The 30th Targa Tasmania Motor Rally has kicked off in northern Tasmania, with a ceremonial start to the event before competitors take to the Hillwood and George Town stages.
- Motorsports Australia investigated the deaths of three competitors last year and issued 23 recommendations
- Event director Mark Perry said 21 of the recommendations, including limiting speeds, had been adopted to “make the event safer”.
- Around 500 cars take part in this year’s event – a record to mark the race’s 30th anniversary
It is the first time the event has taken place since three competitors died in the space of two days last year.
Sweeping safety changes have been introduced for this year’s event, including speed limits.
Competitor Shane Navin died when his car crashed on a wet road at Mount Arrowsmith near Strahan in April.
The following day, Leigh Mundy and her co-driver Dennis Neagle were killed when their car plunged into the road and crashed into trees in Cygnet, southern Tasmania.

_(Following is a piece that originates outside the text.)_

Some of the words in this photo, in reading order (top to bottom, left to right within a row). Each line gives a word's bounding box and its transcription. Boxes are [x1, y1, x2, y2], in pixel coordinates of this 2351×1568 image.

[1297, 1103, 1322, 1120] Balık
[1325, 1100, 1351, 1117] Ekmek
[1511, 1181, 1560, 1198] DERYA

Motorsports Australia investigated the fatalities and made 23 recommendations, including changes to racing routes, reducing speed on certain sections of the course and reviewing telecommunications capacity.

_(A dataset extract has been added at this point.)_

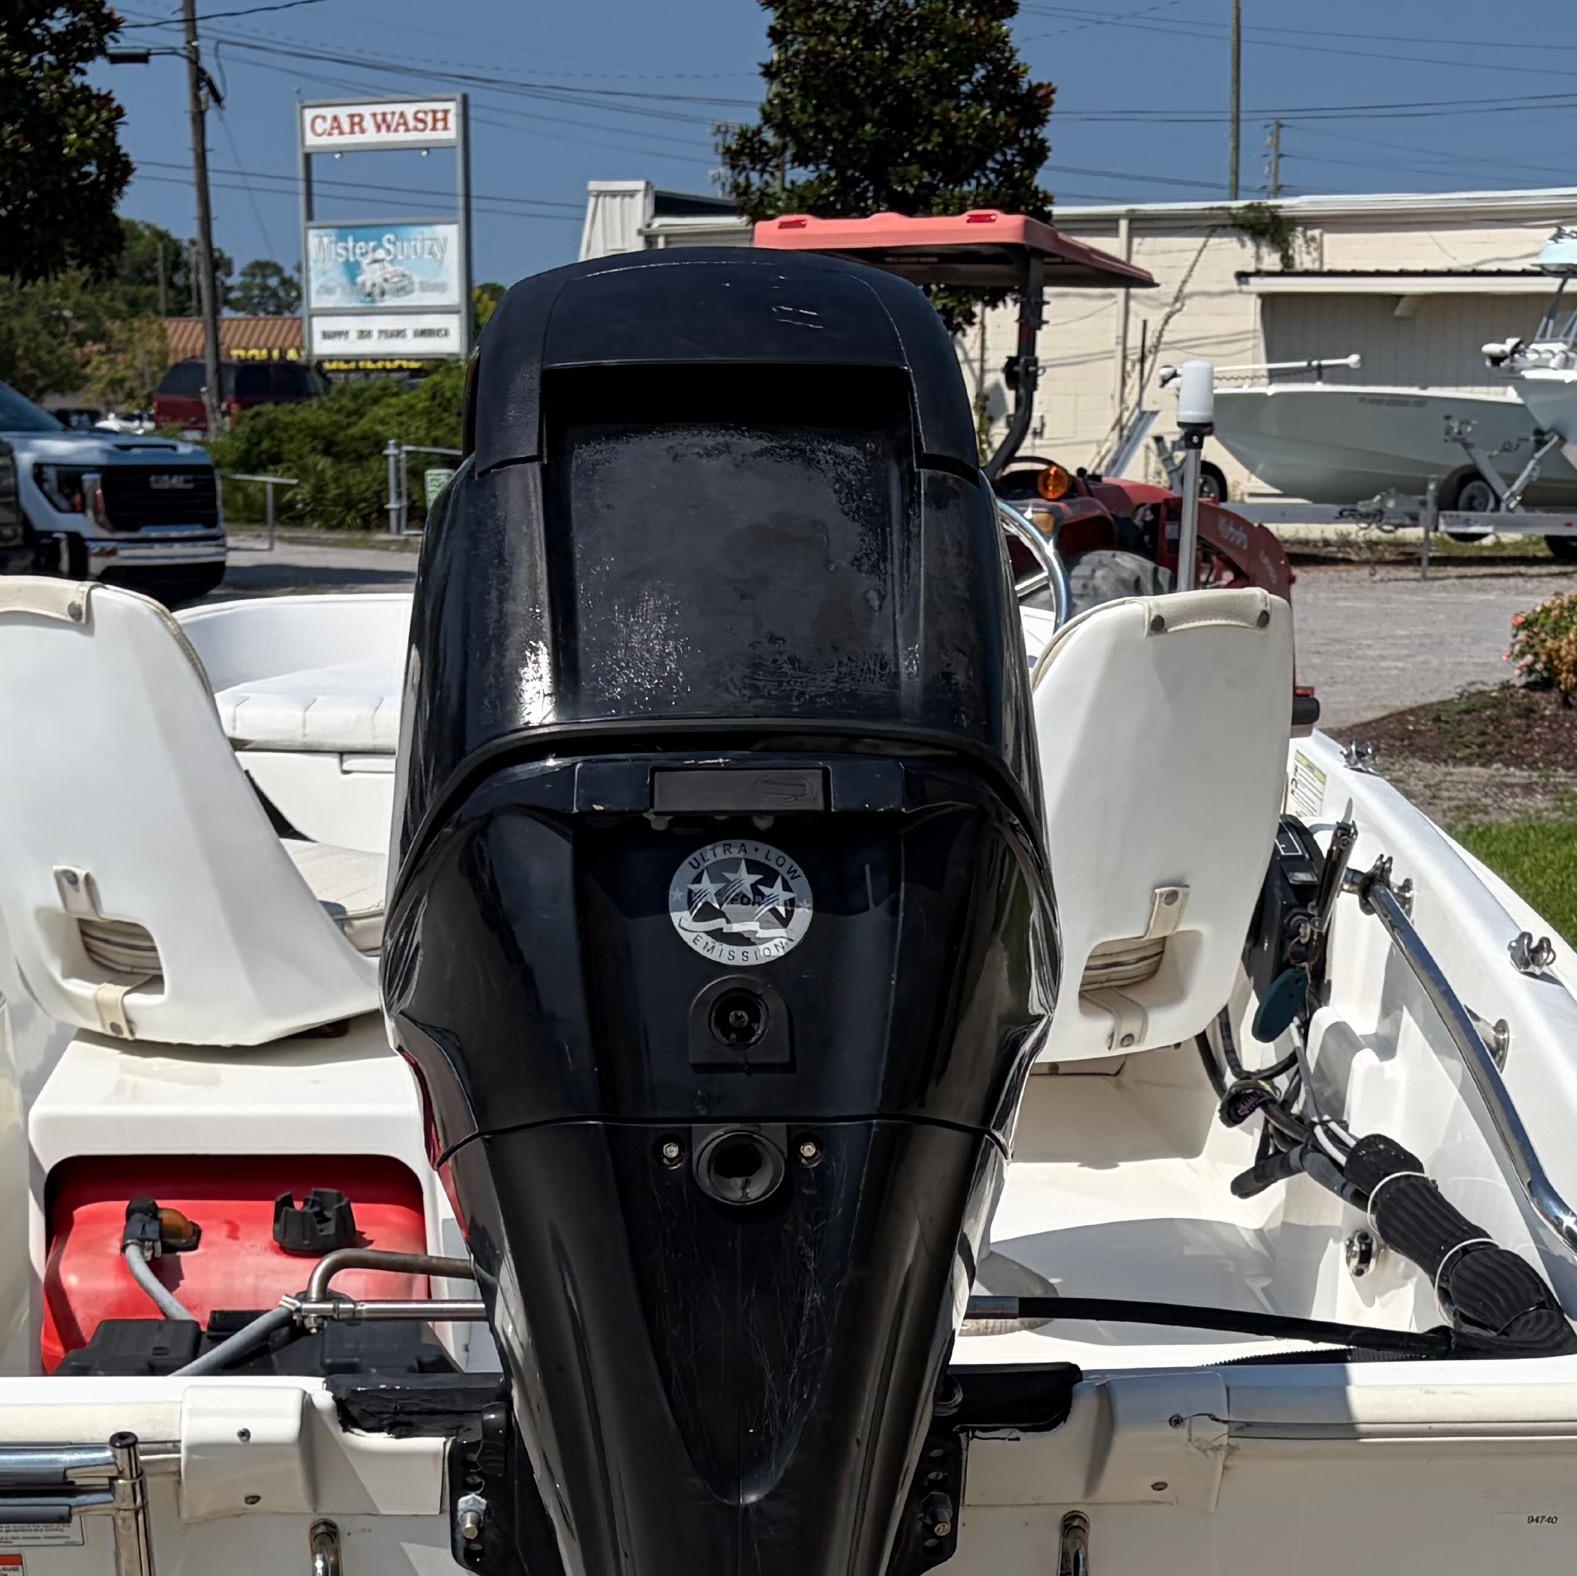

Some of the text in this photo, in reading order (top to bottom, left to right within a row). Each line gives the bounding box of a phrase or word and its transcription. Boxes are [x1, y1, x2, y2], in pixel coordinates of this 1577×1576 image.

[310, 108, 451, 137] CAR WASH
[230, 347, 304, 361] DOLLA
[689, 843, 802, 881] ULTRA LOW
[692, 934, 788, 962] EMISSION

Event director Mark Perry said 21 of the recommendations were adopted to “make the event safer”.
Two other recommendations are the responsibility of Motorsport Australia, not the organizers of Targa Tasmania.
The event will no longer run at unlimited speed, but an effective speed limit of 200 kilometers per hour has been introduced.
Targa Tasmania’s fastest competitors have already been clocked at speeds of up to 250km/h on Tasmanian public roads.
The speed limit changes have already been tested at other Targa events in Queensland and Victoria.
Organizers have also made changes to the course so drivers aren’t complacent, reducing speed limits in some areas and ensuring drivers can inspect the track before the race.
More speed limit zones introduced
Mr Perry said they had also reduced speeds on crests, jumps and dips which could cause cars to take off.
“Anywhere a car can take off, and the other big one for us, which didn’t play into those fatalities but which we recognized in the review, are dips in the road, because that can also send them into the tunes,” he said. .
“The reality is that they are all now covered in areas that slow cars to less than 80 kilometers per hour on those sections.”
As a sailor, Barry Oliver of Launceston has competed in Targa Tasmania 26 times and won a record eight titles.
He said organizers had identified some particularly quick steps.
“Basically that means they travel at a maximum of 60 kilometers per hour and if you step out of that 400 meter zone before you complete the time that has been designated, you are penalised.
“These are on stages where they are considered too fast and very dangerous and there will be 34 of these zones, so effectively it will be impossible for these cars to reach 200 kilometres. [per hour] anyway.”
Last year, the course only had 12 speed-limiting zones.
The first two stages will take place north of Launceston
Around 500 cars are taking part in this year’s event – a record to mark the race’s 30th anniversary.
Targa Tasmania driver Casey Price said she was looking forward to the six-day tarmac rally.
Price is a member of one of only two women’s teams.
She told ABC Radio Hobart that the first two stages will be held north of Launceston.
“The first one is Hillwood and it’s designed to be a warm up so all the teams can take a look and warm up the vehicles before going to the super stage, and that will be George Town.”
The six-day asphalt rally ends Sunday in Hobart.